The World Health Organization has declared Zika a public health emergency. This will go a long way in shoring up international efforts to stop the virus’ spread, generating consistency in the research efforts to better understand the nature of the virus, and mobilising the necessary sources to develop the right diagnostics and vaccines.
However, Zika may just be one of the many to come. Researchers have predicted that the effects of climate change and rising temperatures will lead to frequent and much more severe outbreaks of existing and newer vector-borne diseases. The international community and national policy-makers must take this view into consideration and invest towards pandemic preparedness to ensure that these outbreaks do not spiral into national or international public health emergencies.
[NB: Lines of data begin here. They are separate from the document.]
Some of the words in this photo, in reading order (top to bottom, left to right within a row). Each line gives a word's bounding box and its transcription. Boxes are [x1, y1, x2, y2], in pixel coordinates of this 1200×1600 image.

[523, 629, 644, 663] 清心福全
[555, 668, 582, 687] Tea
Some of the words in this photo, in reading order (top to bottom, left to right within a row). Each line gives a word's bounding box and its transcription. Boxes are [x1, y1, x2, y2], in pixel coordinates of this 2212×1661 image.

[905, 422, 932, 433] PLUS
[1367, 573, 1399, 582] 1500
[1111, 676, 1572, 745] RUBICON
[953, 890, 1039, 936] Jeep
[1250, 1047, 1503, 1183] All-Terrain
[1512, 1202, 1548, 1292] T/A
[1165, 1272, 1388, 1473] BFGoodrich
To prepare ourselves against Zika in India, we can ramp up our sanitation programmes and integrated vector-control efforts to reduce the numbers of the Aedes mosquito. Additionally, we can operationalise an early warning system, as well as activate a sentinel surveillance system — similar to the one we have for dengue — to track cases of the viral infection. We can also leverage technologies such as the Plaque Reduction Neutralization Test for detecting and measuring antibodies that can neutralise the Zika virus.
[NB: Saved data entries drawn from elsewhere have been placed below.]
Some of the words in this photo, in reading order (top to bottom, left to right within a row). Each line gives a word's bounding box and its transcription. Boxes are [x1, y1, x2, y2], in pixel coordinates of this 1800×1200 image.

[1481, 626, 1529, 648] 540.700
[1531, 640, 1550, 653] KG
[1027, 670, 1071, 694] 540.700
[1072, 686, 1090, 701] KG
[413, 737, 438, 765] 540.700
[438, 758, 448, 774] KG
Most importantly, considering that vaccines are a cornerstone of the preventive healthcare efforts, we can urgently develop a potent vaccine against the Zika virus.
Zika and its possible link with microcephaly have galvanised international attention and led to a race against time to develop candidate vaccines to prevent further damage. A consortium of organisations — including Canada’s Laval University, the University of Pennsylvania, Inovio Pharmaceuticals Inc. and GeneOne Life Science Inc. — is already working on a vaccine which could be ready for emergency use before the end of this year.
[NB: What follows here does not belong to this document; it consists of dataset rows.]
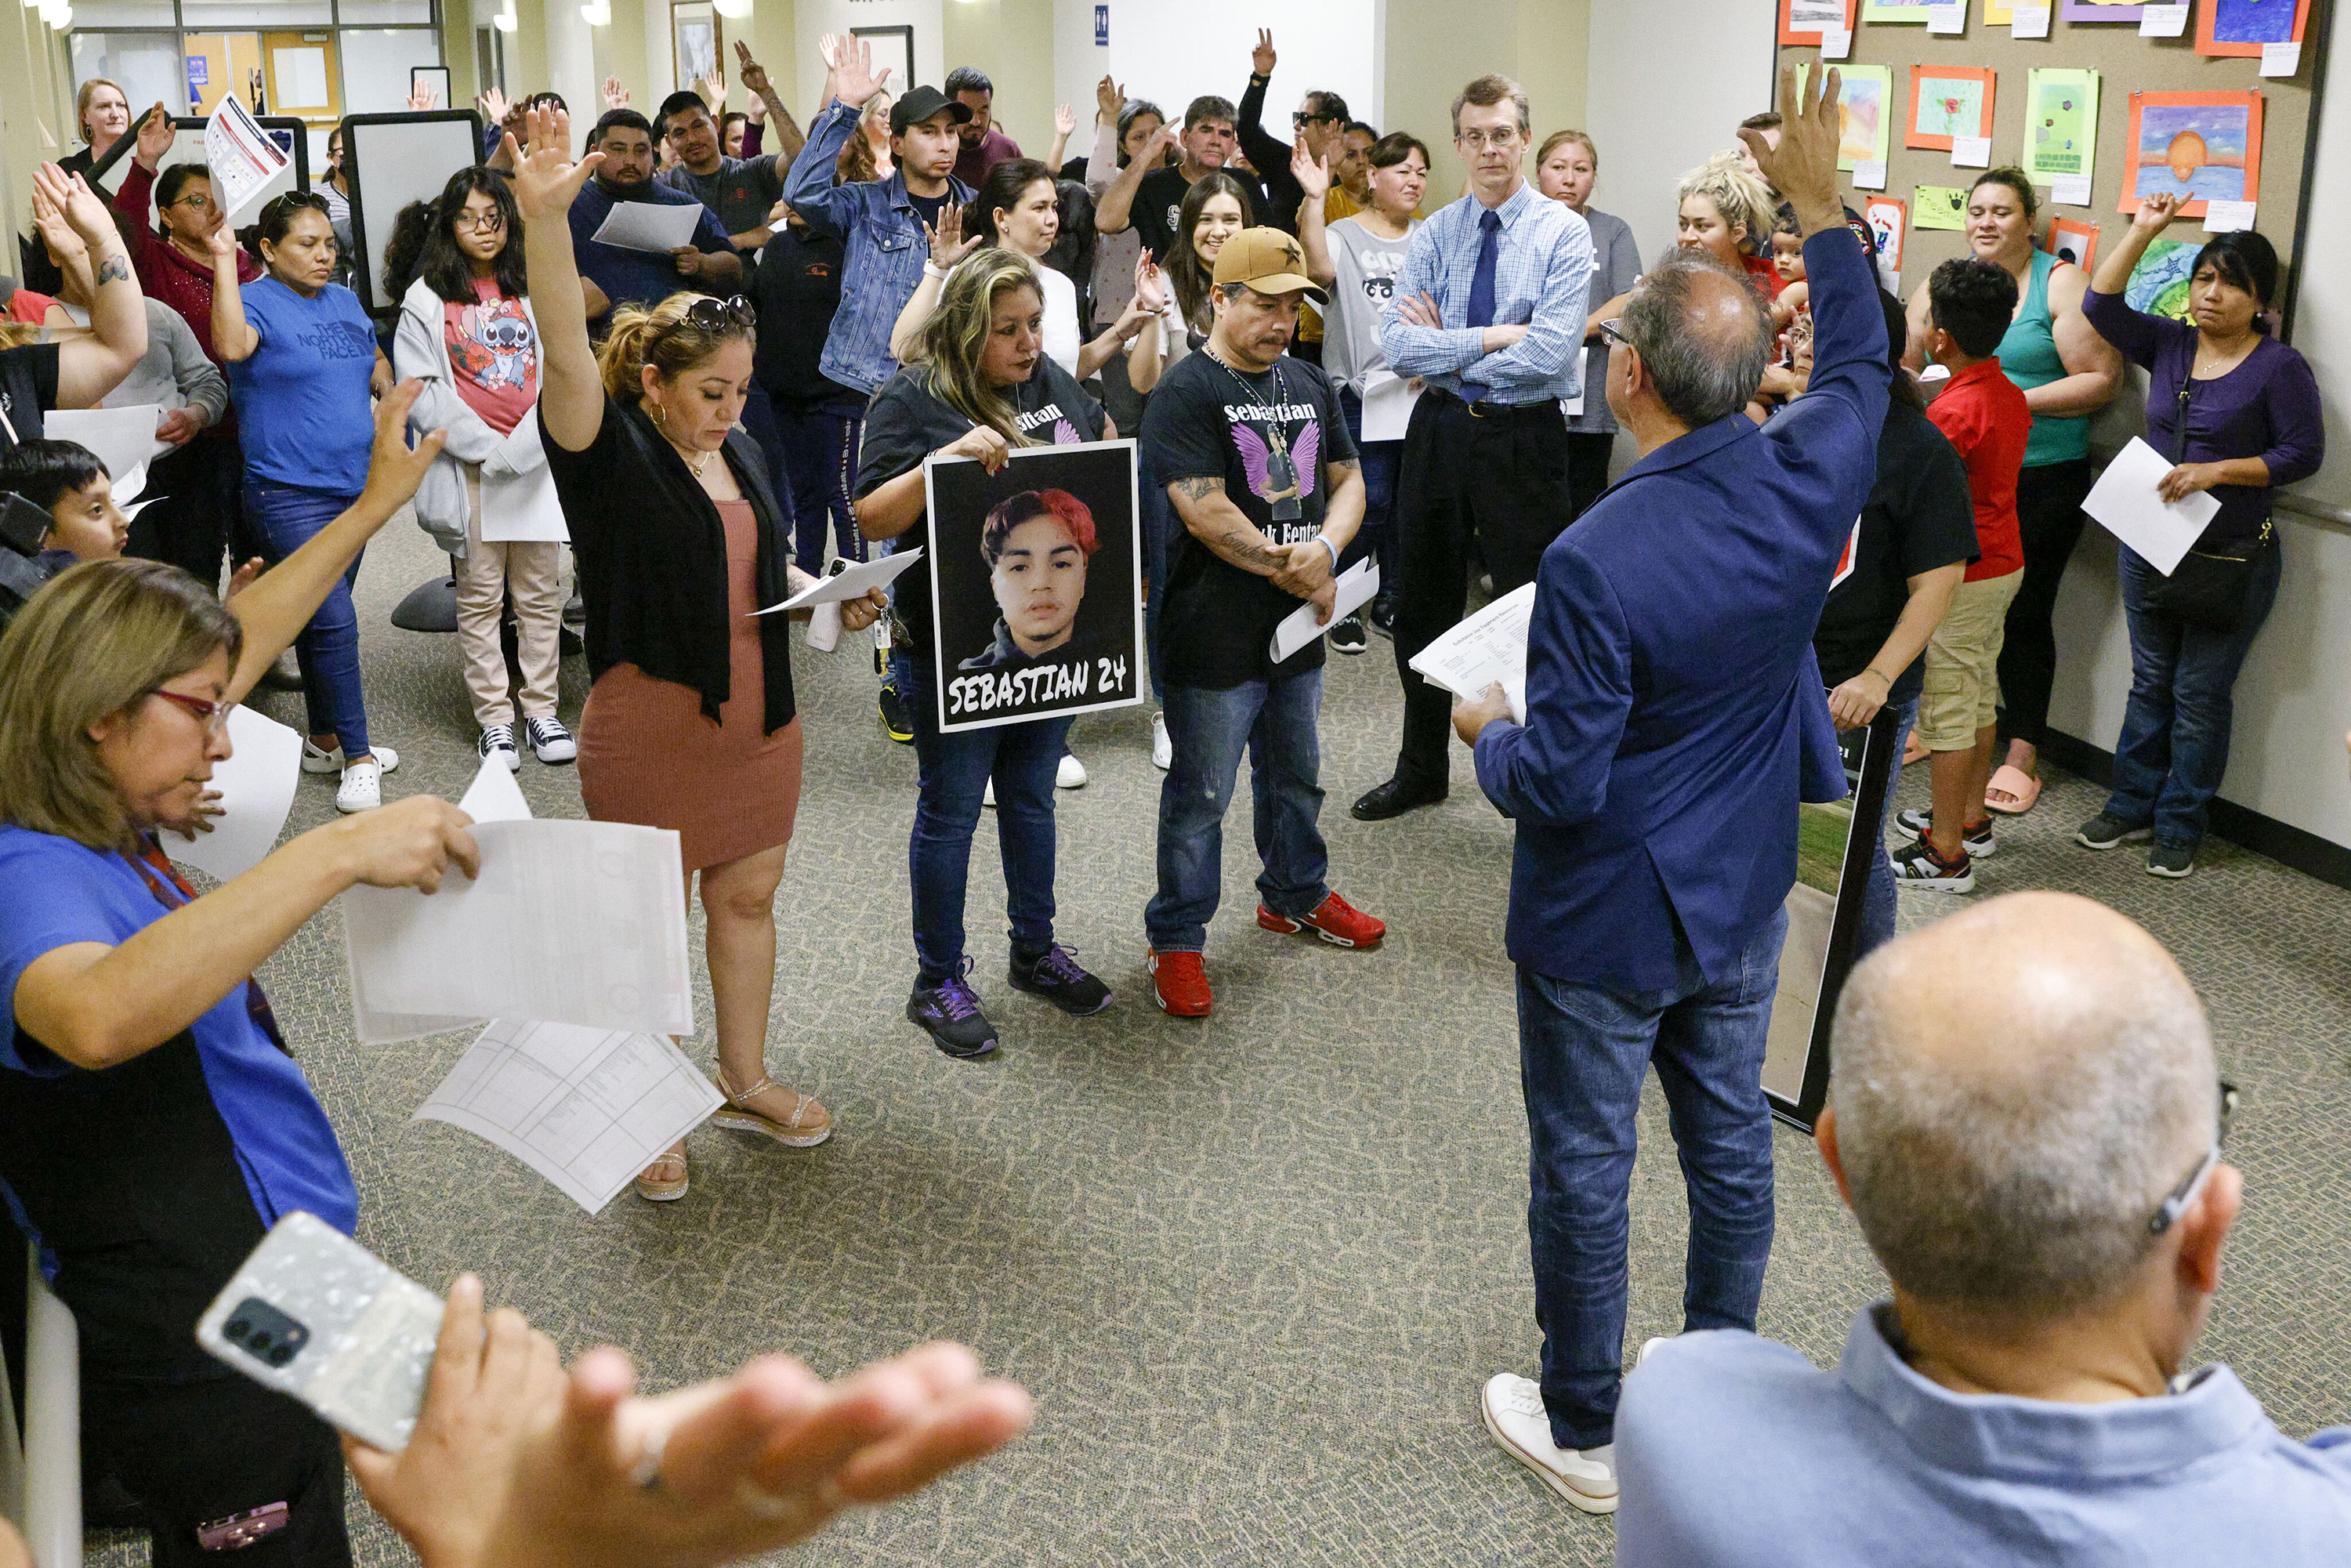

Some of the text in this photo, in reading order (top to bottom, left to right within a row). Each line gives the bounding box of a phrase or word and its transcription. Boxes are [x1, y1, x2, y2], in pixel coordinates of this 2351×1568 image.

[311, 322, 344, 335] THE
[297, 333, 353, 347] NORTH
[318, 345, 360, 360] FACE
[1223, 403, 1317, 422] Sebastian
[1452, 632, 1473, 646] Substance
[1480, 614, 1500, 630] Treatment
[1498, 603, 1520, 618] Resources
[948, 654, 1127, 715] SEBASTIAN 24
While, not the most opportune, this is a timely reminder of the value of vaccines in reducing human suffering caused by preventable diseases, and in generating economic value by averting morbidity and mortality. Vaccines are one of the most cost-effective health interventions available to mankind, and it is imperative that we fully leverage them for the value that they can provide. India has been able to build thriving vaccines and biological ecosystems — the country is already one of the largest suppliers of vaccines to the United Nations’ system of agencies. Building on their cost-competitiveness and talent pool, the Indian vaccine manufacturers are now moving up the innovation value-chain and developing vaccines for neglected tropical diseases such as dengue, chikungunya, etc. We must ensure that while we make for the world, we also work towards making Indian citizens and policy-makers realise the great benefits of introducing new vaccines and expanding access to immunisation services, especially to those belonging to the most vulnerable sections of our society.
There is no doubt that vaccine research and development would again become the centrepiece of the efforts to contain the spread of Zika. India must seize this opportunity to impress upon the various stakeholders the critical role of vaccination as a comprehensive preventive healthcare strategy that may be needed more and more in the years to come.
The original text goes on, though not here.